BEGIN Supplied data

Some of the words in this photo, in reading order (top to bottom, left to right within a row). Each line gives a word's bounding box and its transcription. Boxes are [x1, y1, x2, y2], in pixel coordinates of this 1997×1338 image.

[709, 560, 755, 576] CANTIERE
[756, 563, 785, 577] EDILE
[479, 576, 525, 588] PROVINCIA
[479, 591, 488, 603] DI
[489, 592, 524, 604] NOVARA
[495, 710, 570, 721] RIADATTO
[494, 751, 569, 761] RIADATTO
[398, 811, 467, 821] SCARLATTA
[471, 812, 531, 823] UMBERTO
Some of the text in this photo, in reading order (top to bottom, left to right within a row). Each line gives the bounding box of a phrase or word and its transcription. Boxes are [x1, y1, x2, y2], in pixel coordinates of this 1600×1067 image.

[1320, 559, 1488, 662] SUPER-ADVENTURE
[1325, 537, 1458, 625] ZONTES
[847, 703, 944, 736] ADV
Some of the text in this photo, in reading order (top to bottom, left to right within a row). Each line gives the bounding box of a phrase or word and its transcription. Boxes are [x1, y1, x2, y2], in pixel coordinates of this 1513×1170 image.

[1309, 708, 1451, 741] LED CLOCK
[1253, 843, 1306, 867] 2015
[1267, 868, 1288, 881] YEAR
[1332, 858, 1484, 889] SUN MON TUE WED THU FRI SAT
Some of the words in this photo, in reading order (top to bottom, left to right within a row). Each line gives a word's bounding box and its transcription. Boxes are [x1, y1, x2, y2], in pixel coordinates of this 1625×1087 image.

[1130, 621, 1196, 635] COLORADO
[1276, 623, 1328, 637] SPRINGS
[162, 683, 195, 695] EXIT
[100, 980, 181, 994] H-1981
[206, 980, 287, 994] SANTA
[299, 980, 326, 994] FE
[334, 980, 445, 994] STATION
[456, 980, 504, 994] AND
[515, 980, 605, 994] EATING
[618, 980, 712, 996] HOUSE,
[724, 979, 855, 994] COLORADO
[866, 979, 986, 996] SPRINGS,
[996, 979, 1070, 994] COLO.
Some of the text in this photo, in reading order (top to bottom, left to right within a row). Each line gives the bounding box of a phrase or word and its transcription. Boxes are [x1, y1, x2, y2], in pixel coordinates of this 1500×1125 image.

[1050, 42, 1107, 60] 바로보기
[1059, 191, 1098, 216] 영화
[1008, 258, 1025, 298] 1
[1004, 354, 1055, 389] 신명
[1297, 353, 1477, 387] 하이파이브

END Supplied data

* _Try it_:
All the lines above need to be printed again, exactly.

* _Exercise result_:
Some of the words in this photo, in reading order (top to bottom, left to right within a row). Each line gives a word's bounding box and its transcription. Boxes are [x1, y1, x2, y2], in pixel coordinates of this 1997×1338 image.

[709, 560, 755, 576] CANTIERE
[756, 563, 785, 577] EDILE
[479, 576, 525, 588] PROVINCIA
[479, 591, 488, 603] DI
[489, 592, 524, 604] NOVARA
[495, 710, 570, 721] RIADATTO
[494, 751, 569, 761] RIADATTO
[398, 811, 467, 821] SCARLATTA
[471, 812, 531, 823] UMBERTO
Some of the text in this photo, in reading order (top to bottom, left to right within a row). Each line gives the bounding box of a phrase or word and its transcription. Boxes are [x1, y1, x2, y2], in pixel coordinates of this 1600×1067 image.

[1320, 559, 1488, 662] SUPER-ADVENTURE
[1325, 537, 1458, 625] ZONTES
[847, 703, 944, 736] ADV
Some of the text in this photo, in reading order (top to bottom, left to right within a row). Each line gives the bounding box of a phrase or word and its transcription. Boxes are [x1, y1, x2, y2], in pixel coordinates of this 1513×1170 image.

[1309, 708, 1451, 741] LED CLOCK
[1253, 843, 1306, 867] 2015
[1267, 868, 1288, 881] YEAR
[1332, 858, 1484, 889] SUN MON TUE WED THU FRI SAT
Some of the words in this photo, in reading order (top to bottom, left to right within a row). Each line gives a word's bounding box and its transcription. Boxes are [x1, y1, x2, y2], in pixel coordinates of this 1625×1087 image.

[1130, 621, 1196, 635] COLORADO
[1276, 623, 1328, 637] SPRINGS
[162, 683, 195, 695] EXIT
[100, 980, 181, 994] H-1981
[206, 980, 287, 994] SANTA
[299, 980, 326, 994] FE
[334, 980, 445, 994] STATION
[456, 980, 504, 994] AND
[515, 980, 605, 994] EATING
[618, 980, 712, 996] HOUSE,
[724, 979, 855, 994] COLORADO
[866, 979, 986, 996] SPRINGS,
[996, 979, 1070, 994] COLO.
Some of the text in this photo, in reading order (top to bottom, left to right within a row). Each line gives the bounding box of a phrase or word and its transcription. Boxes are [x1, y1, x2, y2], in pixel coordinates of this 1500×1125 image.

[1050, 42, 1107, 60] 바로보기
[1059, 191, 1098, 216] 영화
[1008, 258, 1025, 298] 1
[1004, 354, 1055, 389] 신명
[1297, 353, 1477, 387] 하이파이브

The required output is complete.